**Work instruction:**
Your answer must be an exact copy of the data below.

*** Opening of Task material ***

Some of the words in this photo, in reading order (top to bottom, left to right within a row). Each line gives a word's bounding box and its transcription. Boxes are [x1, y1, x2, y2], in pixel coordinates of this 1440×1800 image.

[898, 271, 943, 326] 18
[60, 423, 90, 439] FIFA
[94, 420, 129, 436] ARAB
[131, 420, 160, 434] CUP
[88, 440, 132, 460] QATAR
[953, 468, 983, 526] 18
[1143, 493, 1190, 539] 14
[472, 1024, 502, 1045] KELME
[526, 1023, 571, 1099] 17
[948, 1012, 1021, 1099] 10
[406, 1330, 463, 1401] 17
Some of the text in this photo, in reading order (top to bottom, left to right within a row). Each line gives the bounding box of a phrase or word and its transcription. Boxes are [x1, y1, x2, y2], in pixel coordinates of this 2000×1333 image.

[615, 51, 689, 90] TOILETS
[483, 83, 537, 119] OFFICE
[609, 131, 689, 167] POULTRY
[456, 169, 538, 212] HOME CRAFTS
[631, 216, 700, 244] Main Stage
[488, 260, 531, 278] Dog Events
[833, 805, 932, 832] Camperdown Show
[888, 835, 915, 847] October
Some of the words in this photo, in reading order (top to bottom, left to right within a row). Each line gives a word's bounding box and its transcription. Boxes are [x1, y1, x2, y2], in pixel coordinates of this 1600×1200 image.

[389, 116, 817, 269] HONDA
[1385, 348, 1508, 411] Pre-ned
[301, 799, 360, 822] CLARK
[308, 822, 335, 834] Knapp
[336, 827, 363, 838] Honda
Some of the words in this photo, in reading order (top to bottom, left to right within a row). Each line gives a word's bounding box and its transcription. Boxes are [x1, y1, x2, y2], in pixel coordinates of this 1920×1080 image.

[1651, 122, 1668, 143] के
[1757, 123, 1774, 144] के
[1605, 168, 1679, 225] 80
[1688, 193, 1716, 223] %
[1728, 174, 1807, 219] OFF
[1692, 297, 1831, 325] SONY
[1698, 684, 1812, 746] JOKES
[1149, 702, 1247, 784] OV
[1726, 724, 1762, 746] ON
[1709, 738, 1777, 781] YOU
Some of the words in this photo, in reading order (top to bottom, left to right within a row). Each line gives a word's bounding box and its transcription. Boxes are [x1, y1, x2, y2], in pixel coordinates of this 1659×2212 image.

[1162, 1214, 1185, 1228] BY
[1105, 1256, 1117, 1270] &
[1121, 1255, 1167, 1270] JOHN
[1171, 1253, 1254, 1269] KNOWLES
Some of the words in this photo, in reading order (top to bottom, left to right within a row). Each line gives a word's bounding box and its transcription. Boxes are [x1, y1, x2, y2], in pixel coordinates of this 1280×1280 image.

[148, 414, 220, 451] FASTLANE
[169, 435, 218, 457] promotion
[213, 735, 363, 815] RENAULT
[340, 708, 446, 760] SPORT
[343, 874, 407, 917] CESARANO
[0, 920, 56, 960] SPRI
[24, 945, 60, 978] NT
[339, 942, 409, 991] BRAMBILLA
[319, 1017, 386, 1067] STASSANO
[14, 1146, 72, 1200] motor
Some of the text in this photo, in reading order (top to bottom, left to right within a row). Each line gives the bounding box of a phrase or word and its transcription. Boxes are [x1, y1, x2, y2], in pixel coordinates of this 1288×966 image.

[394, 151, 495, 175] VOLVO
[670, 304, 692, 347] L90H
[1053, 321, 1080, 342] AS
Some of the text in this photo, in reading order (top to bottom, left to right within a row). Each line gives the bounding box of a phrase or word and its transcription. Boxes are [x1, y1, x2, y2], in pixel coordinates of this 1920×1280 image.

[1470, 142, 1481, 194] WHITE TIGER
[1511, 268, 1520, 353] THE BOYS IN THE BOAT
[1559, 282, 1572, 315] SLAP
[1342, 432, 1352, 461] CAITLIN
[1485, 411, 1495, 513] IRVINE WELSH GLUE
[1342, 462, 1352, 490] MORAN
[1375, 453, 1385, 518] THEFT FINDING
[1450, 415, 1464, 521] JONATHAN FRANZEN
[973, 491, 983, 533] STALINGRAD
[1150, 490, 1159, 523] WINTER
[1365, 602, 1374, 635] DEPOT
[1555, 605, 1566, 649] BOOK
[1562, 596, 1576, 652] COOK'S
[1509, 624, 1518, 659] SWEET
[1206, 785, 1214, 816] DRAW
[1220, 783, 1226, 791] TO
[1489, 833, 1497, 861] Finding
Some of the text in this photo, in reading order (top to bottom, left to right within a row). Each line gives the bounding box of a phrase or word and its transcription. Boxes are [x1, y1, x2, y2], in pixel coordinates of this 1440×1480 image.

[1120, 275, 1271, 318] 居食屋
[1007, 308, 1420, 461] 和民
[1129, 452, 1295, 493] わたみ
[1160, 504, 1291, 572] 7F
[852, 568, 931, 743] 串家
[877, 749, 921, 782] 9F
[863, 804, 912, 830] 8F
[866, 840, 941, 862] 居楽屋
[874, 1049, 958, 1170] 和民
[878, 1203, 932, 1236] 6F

*** Close of Task material ***

**Answer:**
Some of the words in this photo, in reading order (top to bottom, left to right within a row). Each line gives a word's bounding box and its transcription. Boxes are [x1, y1, x2, y2], in pixel coordinates of this 1440×1800 image.

[898, 271, 943, 326] 18
[60, 423, 90, 439] FIFA
[94, 420, 129, 436] ARAB
[131, 420, 160, 434] CUP
[88, 440, 132, 460] QATAR
[953, 468, 983, 526] 18
[1143, 493, 1190, 539] 14
[472, 1024, 502, 1045] KELME
[526, 1023, 571, 1099] 17
[948, 1012, 1021, 1099] 10
[406, 1330, 463, 1401] 17
Some of the text in this photo, in reading order (top to bottom, left to right within a row). Each line gives the bounding box of a phrase or word and its transcription. Boxes are [x1, y1, x2, y2], in pixel coordinates of this 2000×1333 image.

[615, 51, 689, 90] TOILETS
[483, 83, 537, 119] OFFICE
[609, 131, 689, 167] POULTRY
[456, 169, 538, 212] HOME CRAFTS
[631, 216, 700, 244] Main Stage
[488, 260, 531, 278] Dog Events
[833, 805, 932, 832] Camperdown Show
[888, 835, 915, 847] October
Some of the words in this photo, in reading order (top to bottom, left to right within a row). Each line gives a word's bounding box and its transcription. Boxes are [x1, y1, x2, y2], in pixel coordinates of this 1600×1200 image.

[389, 116, 817, 269] HONDA
[1385, 348, 1508, 411] Pre-ned
[301, 799, 360, 822] CLARK
[308, 822, 335, 834] Knapp
[336, 827, 363, 838] Honda
Some of the words in this photo, in reading order (top to bottom, left to right within a row). Each line gives a word's bounding box and its transcription. Boxes are [x1, y1, x2, y2], in pixel coordinates of this 1920×1080 image.

[1651, 122, 1668, 143] के
[1757, 123, 1774, 144] के
[1605, 168, 1679, 225] 80
[1688, 193, 1716, 223] %
[1728, 174, 1807, 219] OFF
[1692, 297, 1831, 325] SONY
[1698, 684, 1812, 746] JOKES
[1149, 702, 1247, 784] OV
[1726, 724, 1762, 746] ON
[1709, 738, 1777, 781] YOU
Some of the words in this photo, in reading order (top to bottom, left to right within a row). Each line gives a word's bounding box and its transcription. Boxes are [x1, y1, x2, y2], in pixel coordinates of this 1659×2212 image.

[1162, 1214, 1185, 1228] BY
[1105, 1256, 1117, 1270] &
[1121, 1255, 1167, 1270] JOHN
[1171, 1253, 1254, 1269] KNOWLES
Some of the words in this photo, in reading order (top to bottom, left to right within a row). Each line gives a word's bounding box and its transcription. Boxes are [x1, y1, x2, y2], in pixel coordinates of this 1280×1280 image.

[148, 414, 220, 451] FASTLANE
[169, 435, 218, 457] promotion
[213, 735, 363, 815] RENAULT
[340, 708, 446, 760] SPORT
[343, 874, 407, 917] CESARANO
[0, 920, 56, 960] SPRI
[24, 945, 60, 978] NT
[339, 942, 409, 991] BRAMBILLA
[319, 1017, 386, 1067] STASSANO
[14, 1146, 72, 1200] motor
Some of the text in this photo, in reading order (top to bottom, left to right within a row). Each line gives the bounding box of a phrase or word and its transcription. Boxes are [x1, y1, x2, y2], in pixel coordinates of this 1288×966 image.

[394, 151, 495, 175] VOLVO
[670, 304, 692, 347] L90H
[1053, 321, 1080, 342] AS
Some of the text in this photo, in reading order (top to bottom, left to right within a row). Each line gives the bounding box of a phrase or word and its transcription. Boxes are [x1, y1, x2, y2], in pixel coordinates of this 1920×1280 image.

[1470, 142, 1481, 194] WHITE TIGER
[1511, 268, 1520, 353] THE BOYS IN THE BOAT
[1559, 282, 1572, 315] SLAP
[1342, 432, 1352, 461] CAITLIN
[1485, 411, 1495, 513] IRVINE WELSH GLUE
[1342, 462, 1352, 490] MORAN
[1375, 453, 1385, 518] THEFT FINDING
[1450, 415, 1464, 521] JONATHAN FRANZEN
[973, 491, 983, 533] STALINGRAD
[1150, 490, 1159, 523] WINTER
[1365, 602, 1374, 635] DEPOT
[1555, 605, 1566, 649] BOOK
[1562, 596, 1576, 652] COOK'S
[1509, 624, 1518, 659] SWEET
[1206, 785, 1214, 816] DRAW
[1220, 783, 1226, 791] TO
[1489, 833, 1497, 861] Finding
Some of the text in this photo, in reading order (top to bottom, left to right within a row). Each line gives the bounding box of a phrase or word and its transcription. Boxes are [x1, y1, x2, y2], in pixel coordinates of this 1440×1480 image.

[1120, 275, 1271, 318] 居食屋
[1007, 308, 1420, 461] 和民
[1129, 452, 1295, 493] わたみ
[1160, 504, 1291, 572] 7F
[852, 568, 931, 743] 串家
[877, 749, 921, 782] 9F
[863, 804, 912, 830] 8F
[866, 840, 941, 862] 居楽屋
[874, 1049, 958, 1170] 和民
[878, 1203, 932, 1236] 6F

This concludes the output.